=== Data in this exercise ===

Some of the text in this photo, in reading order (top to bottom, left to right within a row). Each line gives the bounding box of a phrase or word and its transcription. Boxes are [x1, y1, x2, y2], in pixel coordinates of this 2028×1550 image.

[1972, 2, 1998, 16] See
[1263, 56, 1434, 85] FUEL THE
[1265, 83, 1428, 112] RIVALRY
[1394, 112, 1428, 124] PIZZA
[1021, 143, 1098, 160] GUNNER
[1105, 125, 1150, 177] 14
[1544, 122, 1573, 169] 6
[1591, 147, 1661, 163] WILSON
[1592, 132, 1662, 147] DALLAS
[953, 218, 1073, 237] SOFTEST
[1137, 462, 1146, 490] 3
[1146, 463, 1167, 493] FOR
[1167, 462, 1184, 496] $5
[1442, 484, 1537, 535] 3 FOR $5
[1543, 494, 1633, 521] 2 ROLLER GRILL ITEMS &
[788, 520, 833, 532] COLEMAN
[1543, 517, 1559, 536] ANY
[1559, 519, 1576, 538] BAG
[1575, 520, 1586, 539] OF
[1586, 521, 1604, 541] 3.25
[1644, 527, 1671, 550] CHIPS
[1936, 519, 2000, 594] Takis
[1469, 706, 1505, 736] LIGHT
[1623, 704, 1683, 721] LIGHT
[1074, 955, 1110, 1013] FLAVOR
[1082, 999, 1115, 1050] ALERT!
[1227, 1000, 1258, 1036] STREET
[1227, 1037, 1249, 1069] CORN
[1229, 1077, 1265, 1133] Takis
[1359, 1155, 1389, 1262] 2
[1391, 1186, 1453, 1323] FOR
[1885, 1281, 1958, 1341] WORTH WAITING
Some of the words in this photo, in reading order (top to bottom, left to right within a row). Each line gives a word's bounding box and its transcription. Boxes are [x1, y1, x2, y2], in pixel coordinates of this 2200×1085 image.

===

Assignment:
Retype all of the data exactly, so that nothing differs from what is given.

Exercise solution:
Some of the text in this photo, in reading order (top to bottom, left to right within a row). Each line gives the bounding box of a phrase or word and its transcription. Boxes are [x1, y1, x2, y2], in pixel coordinates of this 2028×1550 image.

[1972, 2, 1998, 16] See
[1263, 56, 1434, 85] FUEL THE
[1265, 83, 1428, 112] RIVALRY
[1394, 112, 1428, 124] PIZZA
[1021, 143, 1098, 160] GUNNER
[1105, 125, 1150, 177] 14
[1544, 122, 1573, 169] 6
[1591, 147, 1661, 163] WILSON
[1592, 132, 1662, 147] DALLAS
[953, 218, 1073, 237] SOFTEST
[1137, 462, 1146, 490] 3
[1146, 463, 1167, 493] FOR
[1167, 462, 1184, 496] $5
[1442, 484, 1537, 535] 3 FOR $5
[1543, 494, 1633, 521] 2 ROLLER GRILL ITEMS &
[788, 520, 833, 532] COLEMAN
[1543, 517, 1559, 536] ANY
[1559, 519, 1576, 538] BAG
[1575, 520, 1586, 539] OF
[1586, 521, 1604, 541] 3.25
[1644, 527, 1671, 550] CHIPS
[1936, 519, 2000, 594] Takis
[1469, 706, 1505, 736] LIGHT
[1623, 704, 1683, 721] LIGHT
[1074, 955, 1110, 1013] FLAVOR
[1082, 999, 1115, 1050] ALERT!
[1227, 1000, 1258, 1036] STREET
[1227, 1037, 1249, 1069] CORN
[1229, 1077, 1265, 1133] Takis
[1359, 1155, 1389, 1262] 2
[1391, 1186, 1453, 1323] FOR
[1885, 1281, 1958, 1341] WORTH WAITING
Some of the words in this photo, in reading order (top to bottom, left to right within a row). Each line gives a word's bounding box and its transcription. Boxes are [x1, y1, x2, y2], in pixel coordinates of this 2200×1085 image.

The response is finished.